▸ **Task goal**
Each record must be returned exactly, apart from the pictures, which stay out.

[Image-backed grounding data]
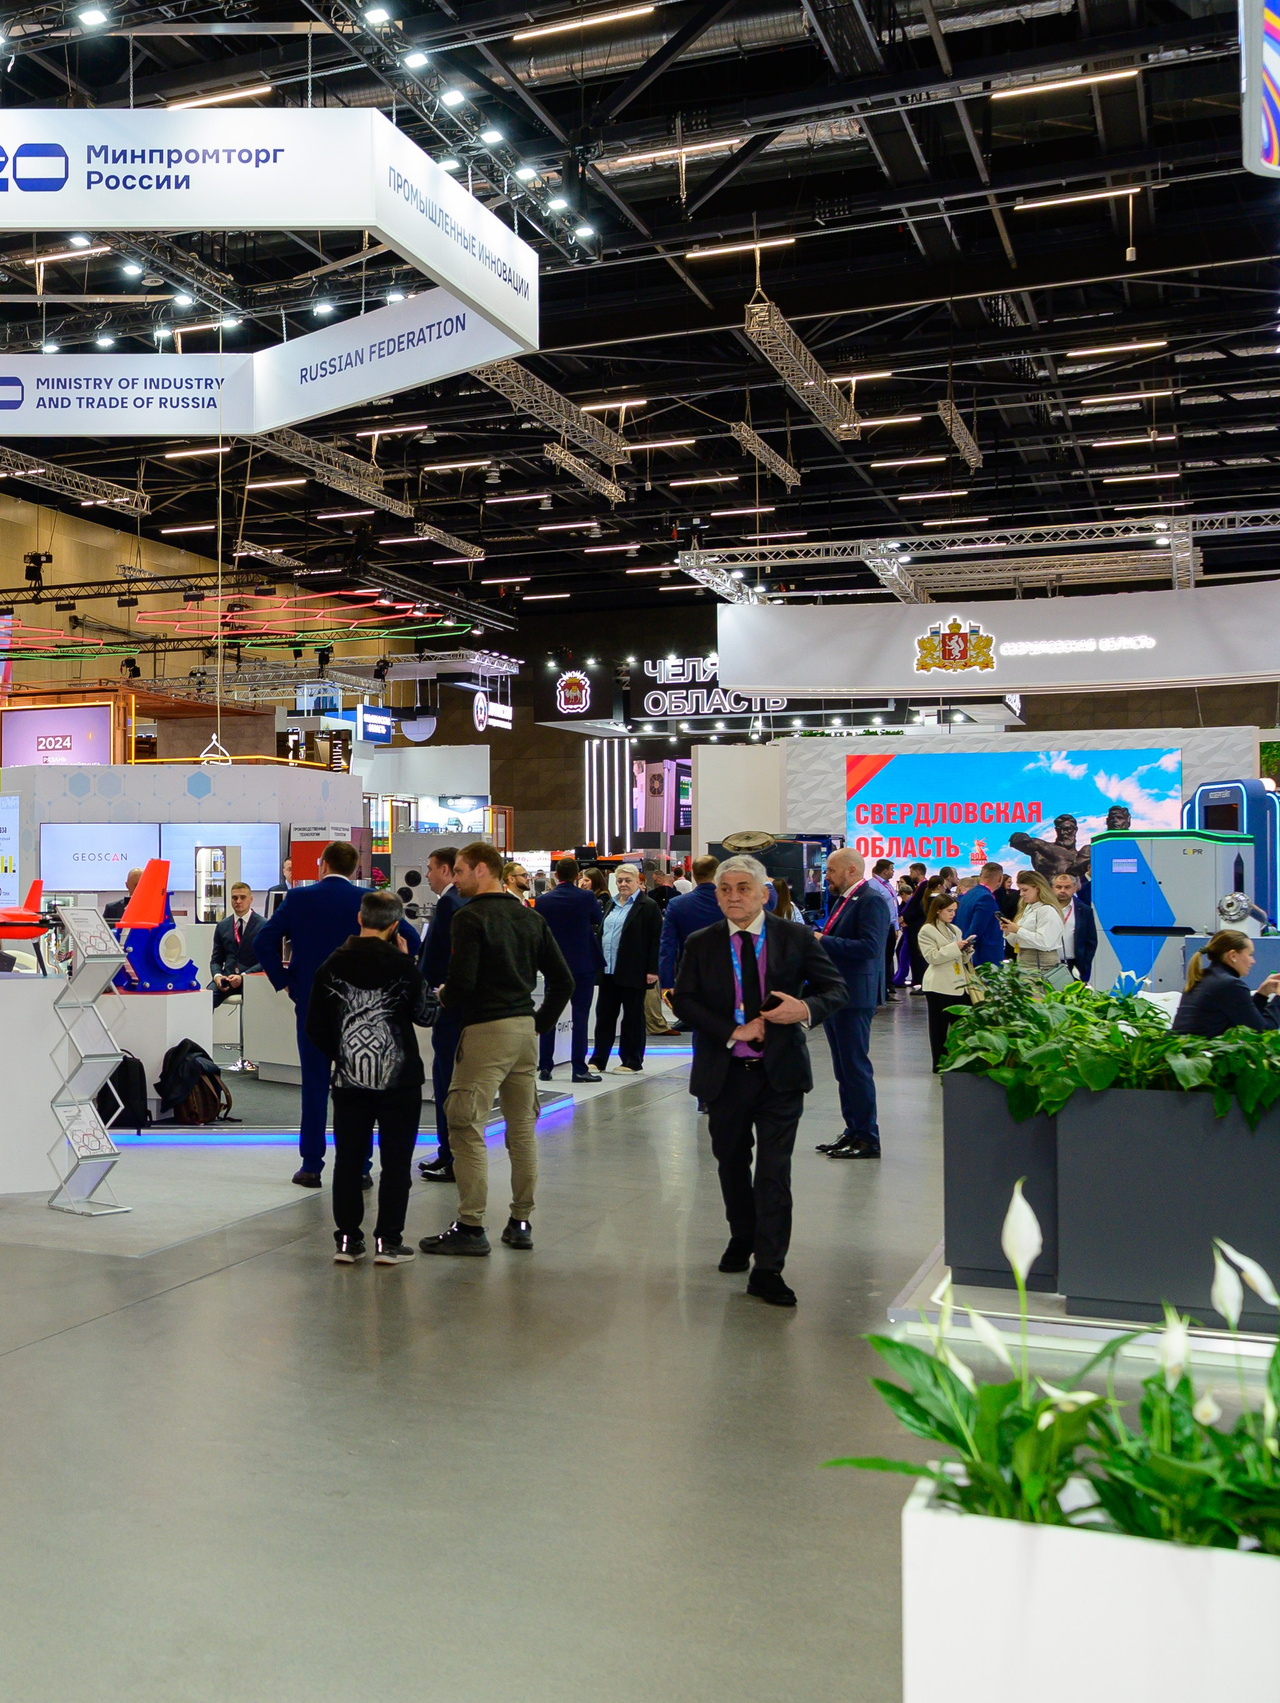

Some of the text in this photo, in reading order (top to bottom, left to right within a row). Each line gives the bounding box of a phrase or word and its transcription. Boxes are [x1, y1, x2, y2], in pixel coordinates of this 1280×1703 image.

[86, 144, 285, 168] Минпромторг
[86, 170, 191, 191] России
[388, 165, 530, 302] ПРОМЫШЛЕННЫЕ ИННОВАЦИИ
[300, 313, 466, 385] RUSSIAN FEDERATION
[36, 377, 225, 390] MINISTRY OF INDUSTRY
[36, 396, 218, 409] AND TRADE OF RUSSIA
[643, 689, 788, 716] ОБЛАСТЬ
[37, 736, 72, 750] 2024
[855, 801, 1042, 828] СВЕРДЛОВСКАЯ
[72, 852, 128, 861] GEOSCAN
[855, 836, 960, 858] ОБЛАСТЬ

▸ **Answer to this exercise**
Some of the text in this photo, in reading order (top to bottom, left to right within a row). Each line gives the bounding box of a phrase or word and its transcription. Boxes are [x1, y1, x2, y2], in pixel coordinates of this 1280×1703 image.

[86, 144, 285, 168] Минпромторг
[86, 170, 191, 191] России
[388, 165, 530, 302] ПРОМЫШЛЕННЫЕ ИННОВАЦИИ
[300, 313, 466, 385] RUSSIAN FEDERATION
[36, 377, 225, 390] MINISTRY OF INDUSTRY
[36, 396, 218, 409] AND TRADE OF RUSSIA
[643, 689, 788, 716] ОБЛАСТЬ
[37, 736, 72, 750] 2024
[855, 801, 1042, 828] СВЕРДЛОВСКАЯ
[72, 852, 128, 861] GEOSCAN
[855, 836, 960, 858] ОБЛАСТЬ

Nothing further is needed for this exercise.